Netflix CEO Reed Hastings had better hope that consumers are more forgiving than Wall Street. The company’s shares fell 7.4% on Monday following Hastings’ mea culpa for botching the roll out of Netflix’s decision in July to separate its streaming business from DVD rentals — he tried to gloss over the fact that it would raise prices by 60% for half of his customers, who want both. He also disclosed today that  DVDs will be handled by a new stand-alone unit called Qwikster that will begin to rent games for XBox 360, PlayStation 3, and Wii consoles. Netflix’ closing price of $143.75 is about half of what it was just before the July announcement, and down $64.96 from last Wednesday before the company said that its subscriber numbers for 3Q would be lower than it had forecast.

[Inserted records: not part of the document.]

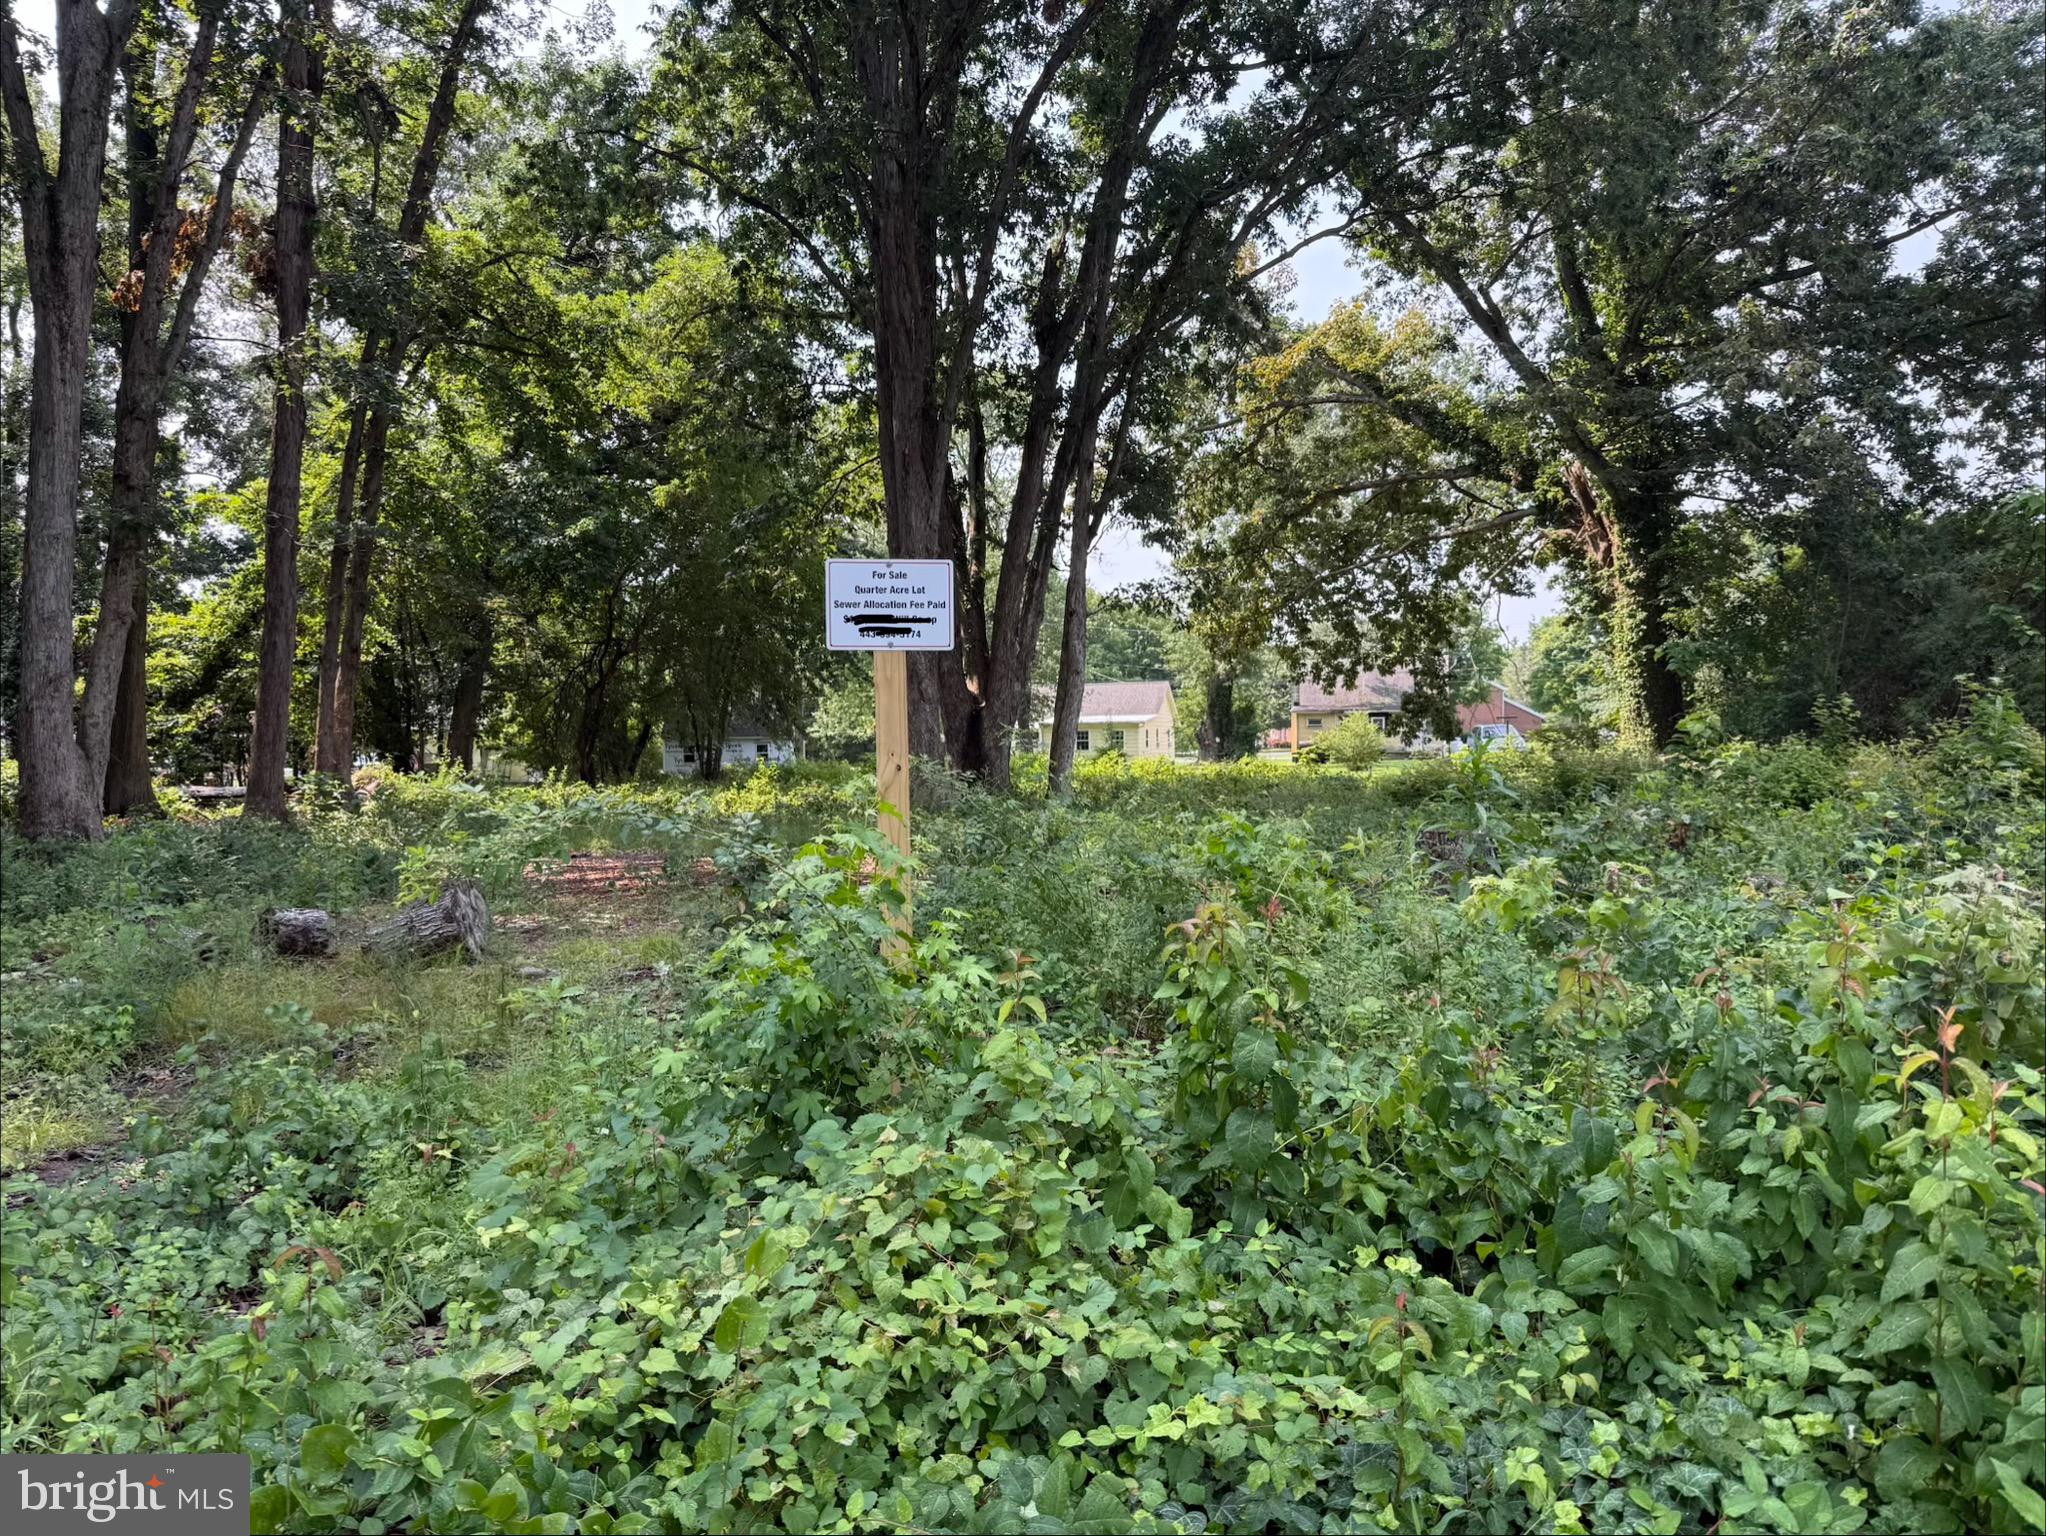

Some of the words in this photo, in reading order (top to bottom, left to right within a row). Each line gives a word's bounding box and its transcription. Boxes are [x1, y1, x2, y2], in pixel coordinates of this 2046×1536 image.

[872, 571, 886, 579] For
[889, 571, 907, 579] Sale
[854, 586, 887, 594] Quarter
[890, 586, 909, 594] Acre
[912, 586, 925, 594] Lot
[833, 600, 861, 609] Sewer
[863, 600, 907, 609] Allocation
[910, 600, 925, 609] Fee
[927, 600, 946, 609] Paid

Savvy company watchers say they believe Hastings is scrambling to fix Netflix’ image because its board or large investors — or perhaps both — are becoming panicked. They have a lot riding on the belief that Netflix will remain the Internet’s leading alternative to cable TV and soar as broadband video becomes ubiquitous. Even after the recent drop in value,  Netflix stock trades for an extraordinary 21 times expected earnings — nearly twice the multiple for most media companies. That means most of its value comes from investors’ faith that Netflix will become far more profitable than it is now.

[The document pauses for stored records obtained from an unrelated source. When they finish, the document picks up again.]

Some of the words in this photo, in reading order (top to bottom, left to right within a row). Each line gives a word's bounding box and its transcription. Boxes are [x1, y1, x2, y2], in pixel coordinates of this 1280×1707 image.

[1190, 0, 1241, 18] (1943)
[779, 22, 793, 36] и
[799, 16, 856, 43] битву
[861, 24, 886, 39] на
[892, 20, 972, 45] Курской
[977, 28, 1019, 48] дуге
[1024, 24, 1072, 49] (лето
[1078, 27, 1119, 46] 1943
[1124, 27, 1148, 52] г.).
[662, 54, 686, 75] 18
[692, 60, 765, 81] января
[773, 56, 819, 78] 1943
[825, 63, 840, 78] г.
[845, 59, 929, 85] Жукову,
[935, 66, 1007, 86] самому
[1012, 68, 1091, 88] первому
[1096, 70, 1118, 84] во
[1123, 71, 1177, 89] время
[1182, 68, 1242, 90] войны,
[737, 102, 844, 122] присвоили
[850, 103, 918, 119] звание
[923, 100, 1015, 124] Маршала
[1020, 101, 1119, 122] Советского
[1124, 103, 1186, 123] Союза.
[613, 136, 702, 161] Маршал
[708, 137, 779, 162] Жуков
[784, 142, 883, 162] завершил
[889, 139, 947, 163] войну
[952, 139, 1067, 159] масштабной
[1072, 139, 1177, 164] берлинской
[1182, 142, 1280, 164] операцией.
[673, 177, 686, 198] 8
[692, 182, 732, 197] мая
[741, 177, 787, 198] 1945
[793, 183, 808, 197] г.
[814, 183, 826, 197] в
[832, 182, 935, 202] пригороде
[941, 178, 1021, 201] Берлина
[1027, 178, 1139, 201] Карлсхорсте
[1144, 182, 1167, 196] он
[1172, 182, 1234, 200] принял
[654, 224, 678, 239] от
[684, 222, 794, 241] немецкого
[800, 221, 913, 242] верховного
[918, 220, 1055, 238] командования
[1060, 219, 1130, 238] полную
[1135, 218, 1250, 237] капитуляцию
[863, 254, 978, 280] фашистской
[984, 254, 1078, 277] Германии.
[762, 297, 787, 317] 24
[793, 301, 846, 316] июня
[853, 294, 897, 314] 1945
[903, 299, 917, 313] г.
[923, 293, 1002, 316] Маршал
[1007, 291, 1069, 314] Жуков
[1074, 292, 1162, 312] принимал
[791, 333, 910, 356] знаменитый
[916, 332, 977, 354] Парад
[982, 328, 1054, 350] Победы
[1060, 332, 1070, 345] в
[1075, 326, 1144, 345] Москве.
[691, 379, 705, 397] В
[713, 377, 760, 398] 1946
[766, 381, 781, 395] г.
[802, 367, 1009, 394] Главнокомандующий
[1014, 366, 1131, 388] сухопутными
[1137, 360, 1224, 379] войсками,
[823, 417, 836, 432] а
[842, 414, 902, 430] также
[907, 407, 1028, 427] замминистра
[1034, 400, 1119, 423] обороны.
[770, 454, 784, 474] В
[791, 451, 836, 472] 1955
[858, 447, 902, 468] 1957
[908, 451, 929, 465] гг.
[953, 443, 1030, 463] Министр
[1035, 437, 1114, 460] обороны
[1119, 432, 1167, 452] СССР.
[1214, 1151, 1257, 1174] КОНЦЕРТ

But Hastings’ PR blunder raises questions about his tactical skills just as the Netflix story is becoming less credible. Goldman Sachs’ Ingrid Chung, who’s a fan of the company, says that Netflix could face tough competition if Amazon buys Hulu — or if Dish Network succeeds with its plan to create a compelling streaming service under the Blockbuster brand. Meanwhile, Janney Capital Markets’ Tony Wible, who has a “sell” recommendation on Netflix, says the company’s fortunes could fall as broadband providers switch to usage based pricing. He’s also unimpressed with Qwickster’s plan to rent video games: It’s hard to predict potential hits, and games are expensive to keep in stock, making this “a quick way to lose money.” The key for Netflix, says BTIG’s Rich Greenfield, “will now be regaining positive ‘word-of-mouth’ momentum among it subscriber base.” But Hastings’ apology, he adds, “is not going to get consumers to rave again about Netflix.”